Considérations générales.

— L’élevage du lapin est, avec celui des volailles, une précieuse ressource pour les petites exploitations. Cet élevage ne nécessite que des installations assez sommaires et peu coûteuses pour les élevages limités. L’utilisation des débris de cuisine ou des plantes sarclées des jardins offre, par ailleurs, des ressources alimentaires qui, sans cela, seraient perdues. Dans ces conditions, les maladies sont assez rares, les pertes toujours minimes.

Dans les élevages en grand, organisés pour la production de la viande et celle des fourrures, les épidémies sont au contraire fréquentes et s’y développent souvent avec rapidité, en proportion même de la densité des effectifs et de la promiscuité qui en est fatalement la conséquence. Étant donnée, d’autre part, la valeur actuelle de la viande de lapin, l’éleveur a tout intérêt à bien soigner ses animaux, à les visiter souvent, de façon à s’opposer à l’extension de certaines maladies contagieuses qui pourraient gravement compromettre l’avenir de son élevage.
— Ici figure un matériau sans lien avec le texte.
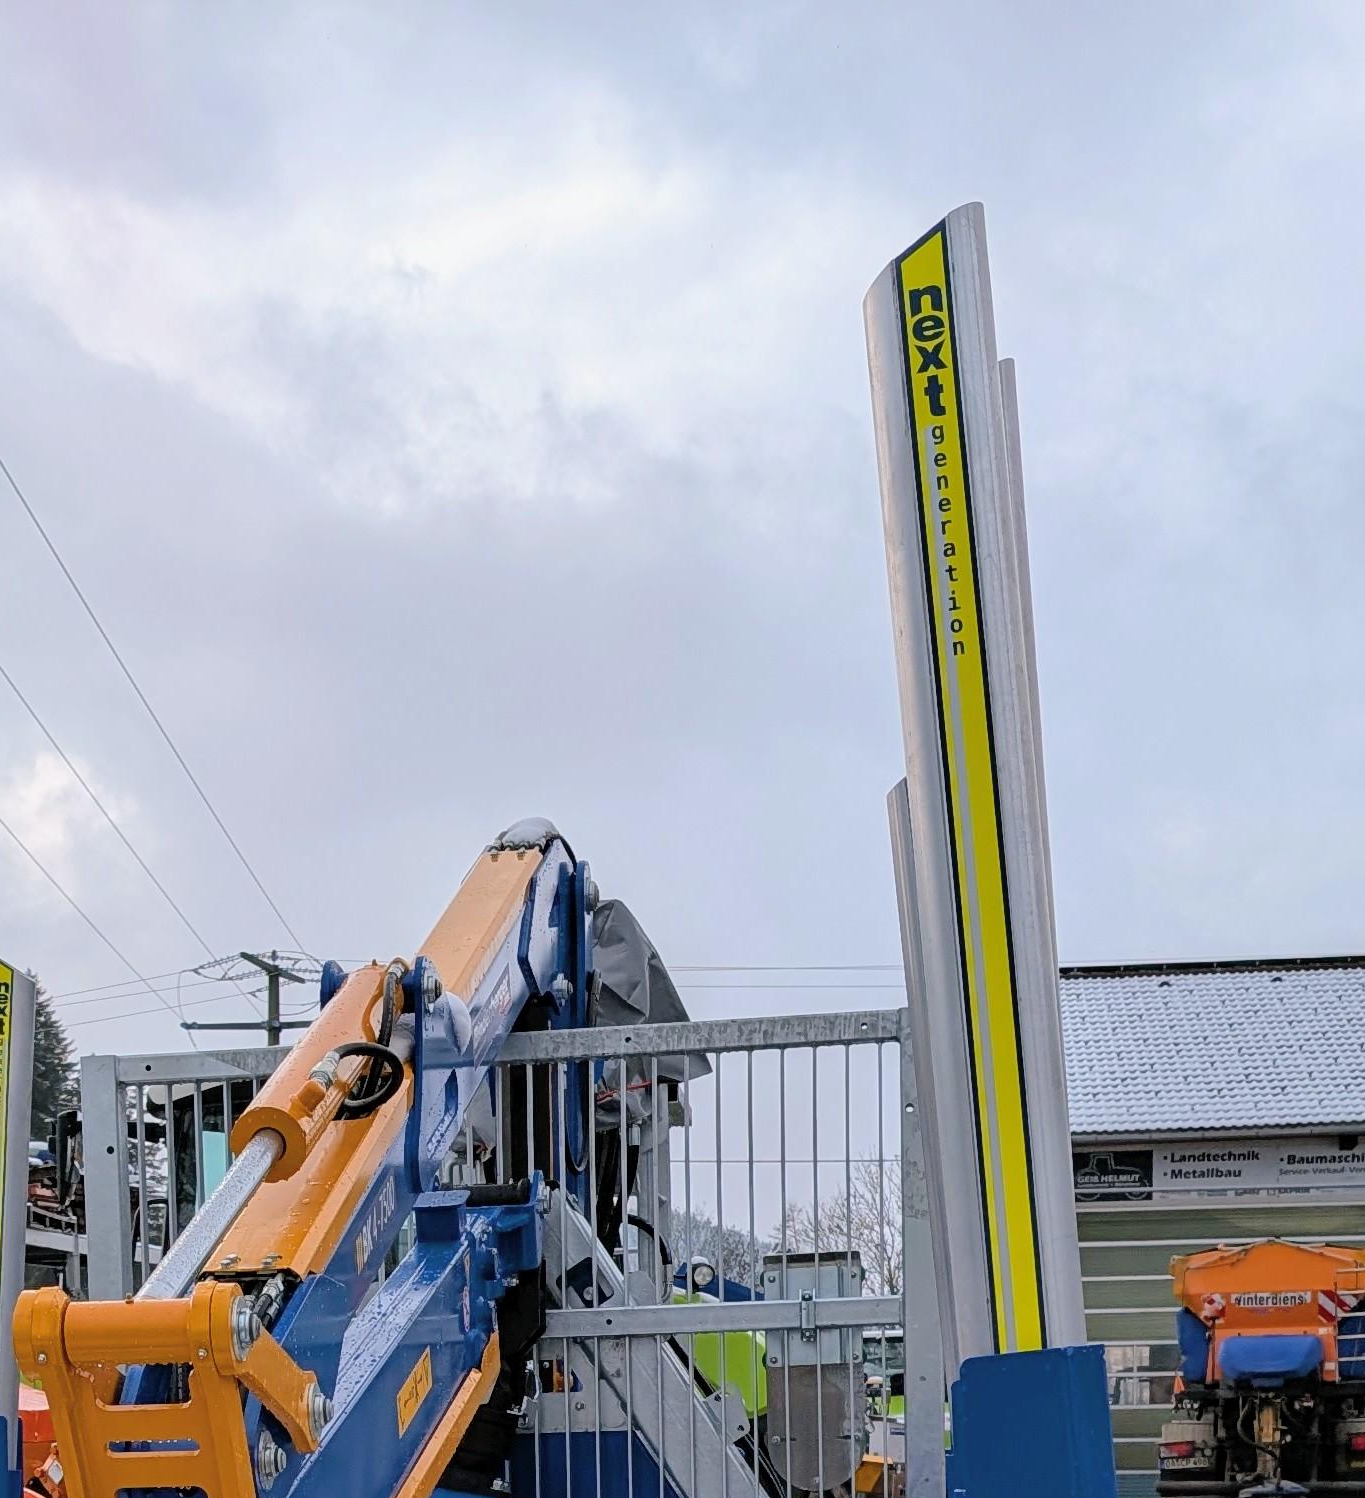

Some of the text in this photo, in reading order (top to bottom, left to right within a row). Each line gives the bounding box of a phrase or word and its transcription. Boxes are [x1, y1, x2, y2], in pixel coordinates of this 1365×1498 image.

[908, 283, 965, 657] next generation
[1170, 1150, 1260, 1163] Landtechnik
[1170, 1167, 1242, 1180] Metallbau
Parmi celles-ci, les gales doivent particulièrement retenir son attention en raison des pertes qu’elles provoquent, même parmi les jeunes.

Le lapin peut être atteint de deux sortes de gales, différentes par l’acare qui les produit et les régions sur lesquelles elles évoluent : la gale des oreilles et celle du corps. Nous les étudierons successivement.

Gale des oreilles.

— La gale des oreilles est une affection contagieuse, assez fréquente chez les lapins, surtout dans les élevages subissant de nombreuses mutations. Elle peut atteindre les sujets à n’importe quel âge ; mais elle est beaucoup plus grave chez les jeunes, où elle peut provoquer une forte mortalité.

Causes et symptômes.

— La maladie est provoquée par un parasite microscopique, un acare découvert par Delafond, en 1857, le Psoroptes communis. La contagion est extrêmement facile dans les clapiers, par contact direct et par contagion indirecte dans les loges infestées.
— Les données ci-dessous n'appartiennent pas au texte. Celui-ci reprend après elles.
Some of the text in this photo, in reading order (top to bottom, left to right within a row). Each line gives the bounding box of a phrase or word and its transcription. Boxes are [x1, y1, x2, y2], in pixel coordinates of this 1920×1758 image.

La contagion de la mère aux jeunes se fait de très bonne heure ; les petits lapereaux peuvent succomber à l’âge de quelques semaines, alors qu’on voit à peine les lésions se constituer dans l’oreille de ces jeunes.

C’est, en général, l’introduction de lapins étrangers dans un élevage qui est le point de départ de l’affection. Un seul malade suffit à contaminer tout le reste du lot.
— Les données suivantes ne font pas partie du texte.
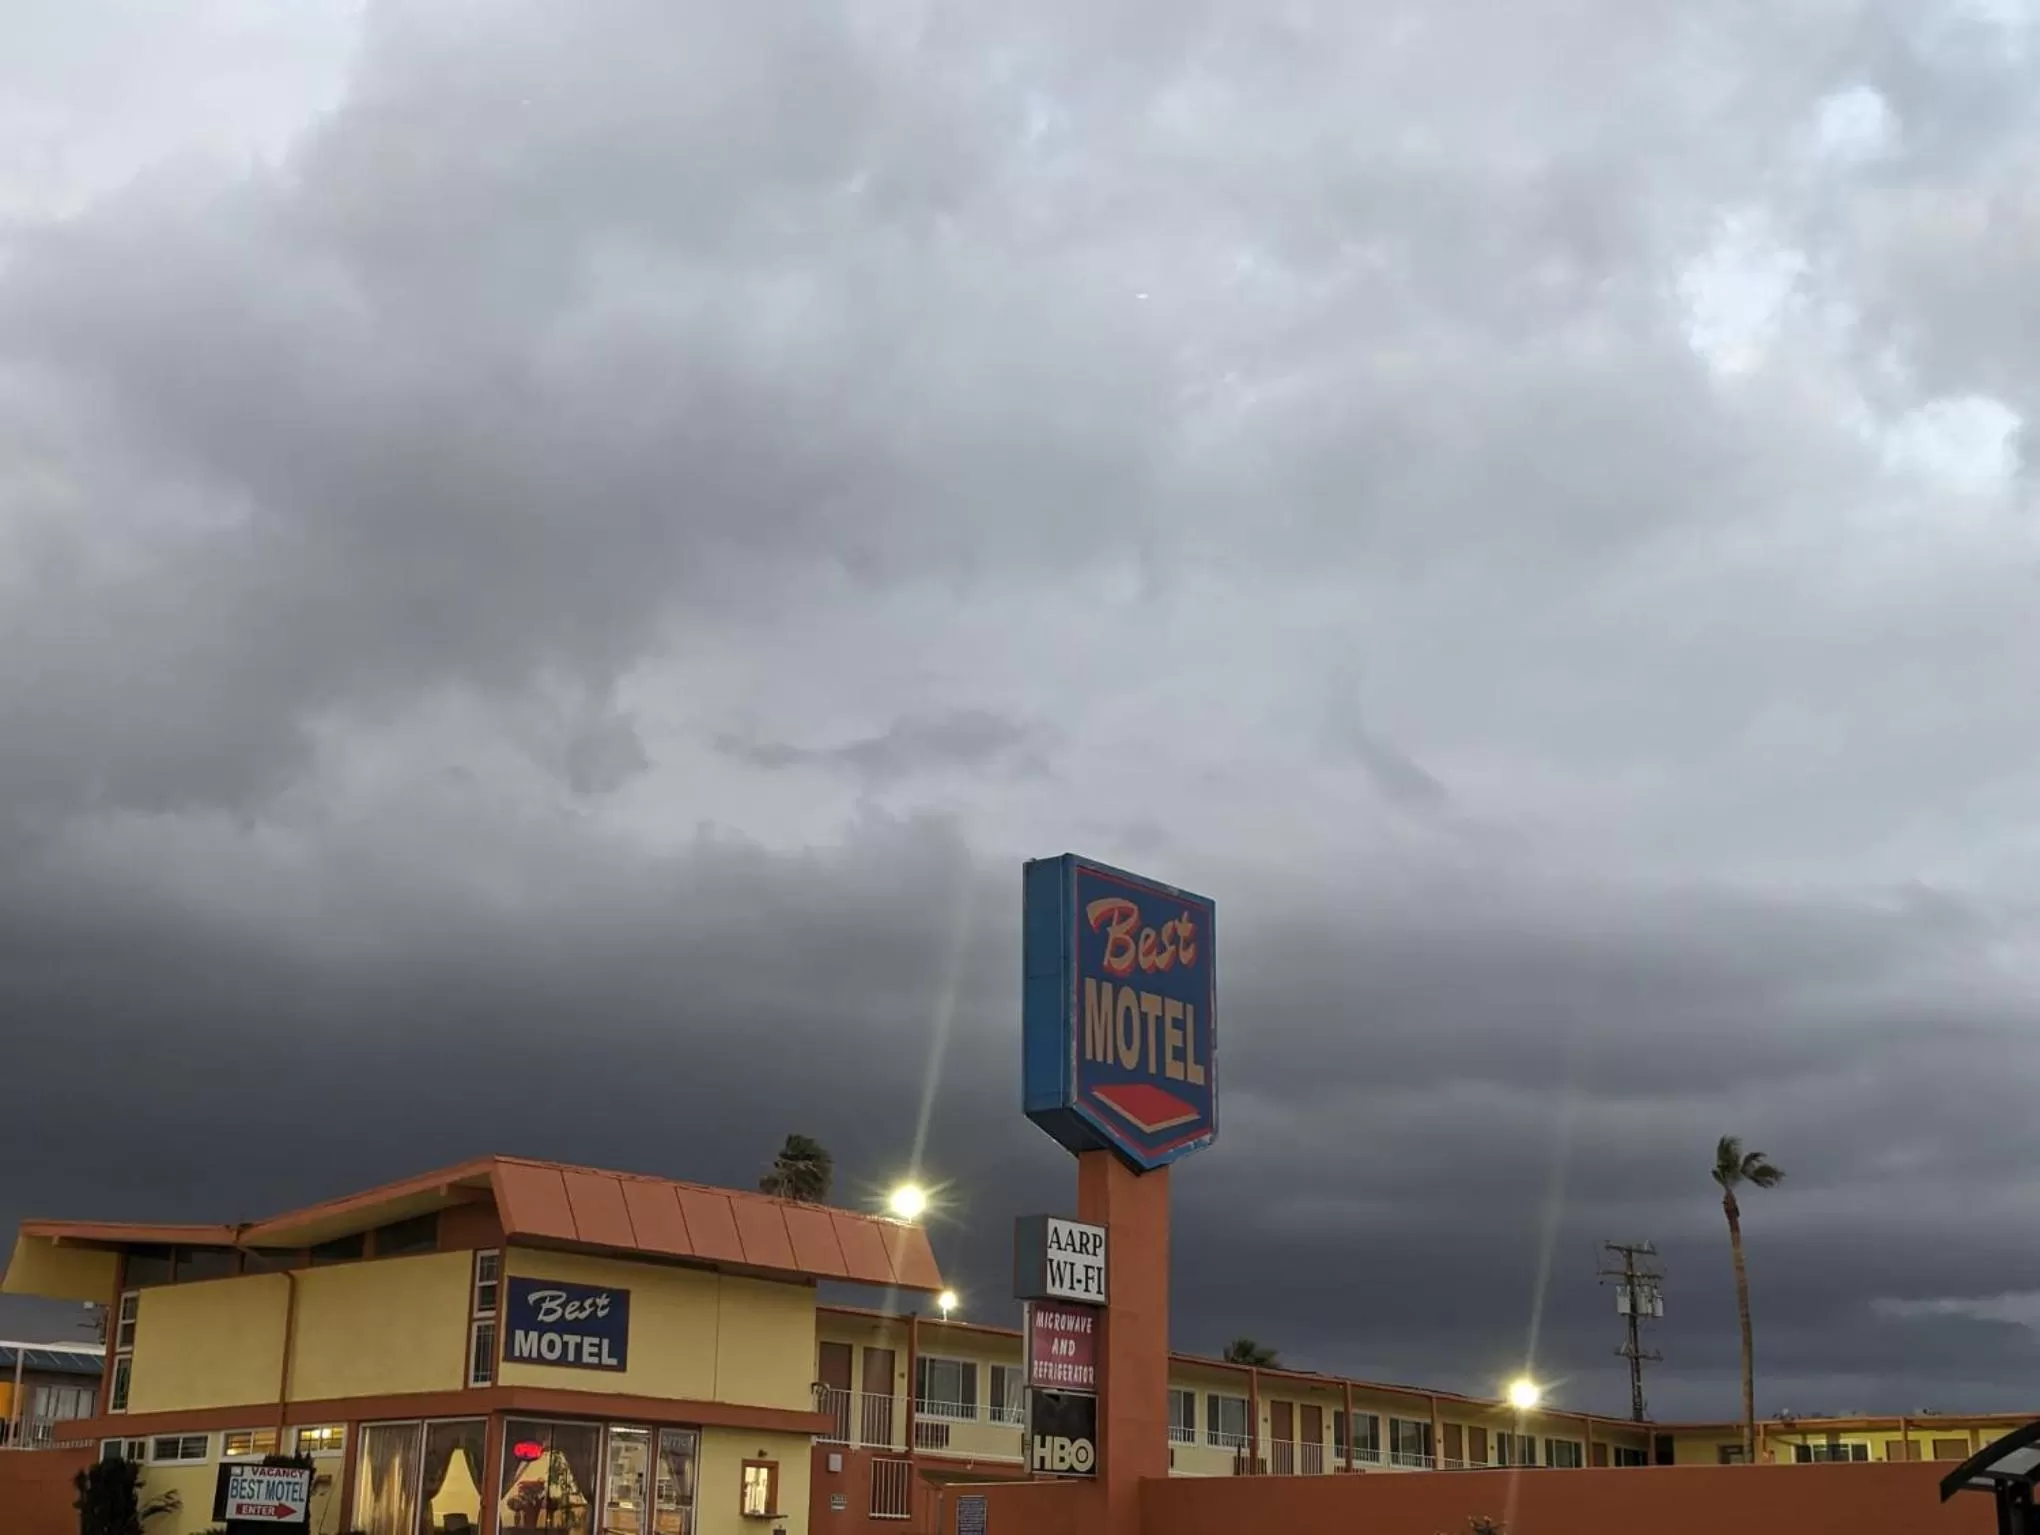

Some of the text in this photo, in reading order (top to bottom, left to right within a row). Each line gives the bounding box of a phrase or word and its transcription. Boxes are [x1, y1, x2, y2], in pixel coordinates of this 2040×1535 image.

[1086, 897, 1197, 977] Best
[1084, 976, 1205, 1086] MOTEL
[1048, 1225, 1103, 1257] AARP
[1047, 1258, 1104, 1295] WI-FI
[527, 1289, 610, 1323] Best
[1035, 1309, 1093, 1334] MICROWAVE
[513, 1329, 618, 1366] MOTEL
[1051, 1337, 1077, 1357] AND
[1033, 1359, 1095, 1385] REFRIGERATOR
[1032, 1434, 1095, 1472] HBO
[251, 1465, 306, 1479] VACANCY
[230, 1478, 305, 1503] BEST MOTEL
[241, 1505, 275, 1517] ENTER
Les symptômes qui révèlent l’existence de cette gale ne sont pas nombreux, et il peut arriver que des animaux meurent sans que l’on se soit aperçu de rien. Cependant, les jeunes étant très sensibles à la maladie, il est rare qu’ils ne présentent pas quelques signes qui attirent l’attention.

Bien que l’appétit soit conservé, les malades, maigrissent ; on les voit souvent porter la tête de travers ou agiter les oreilles. La démangeaison, violente chez certains, provoque des grattages, qui arrachent les poils et irritent la peau au voisinage des oreilles. Ces signes sont d’autant plus frappants qu’ils se présentent généralement chez plusieurs sujets à la fois.

Ce sont ces dépilations qui conduisent à examiner l’intérieur des oreilles et, dès la première inspection, on est fixé sur la cause du mal. Le conduit auditif est rouge et suintant ; dans le fond, on aperçoit des croûtes minces, grisâtres, feuilletées, dégageant une très mauvaise odeur. Ces croûtes forment une sorte de bouchon, difficile à enlever, car il constitue une masse plus ou moins adhérente dans laquelle se trouvent en abondance les parasites à tous les stades de développement. Il est rare qu’une seule oreille soit atteinte ; mais cela peut arriver au début de la maladie chez un sujet donné.

Traitement.

— La maladie pouvant causer d’énormes ravages tant chez les mères lapines que chez les lapereaux, il faut agir énergiquement.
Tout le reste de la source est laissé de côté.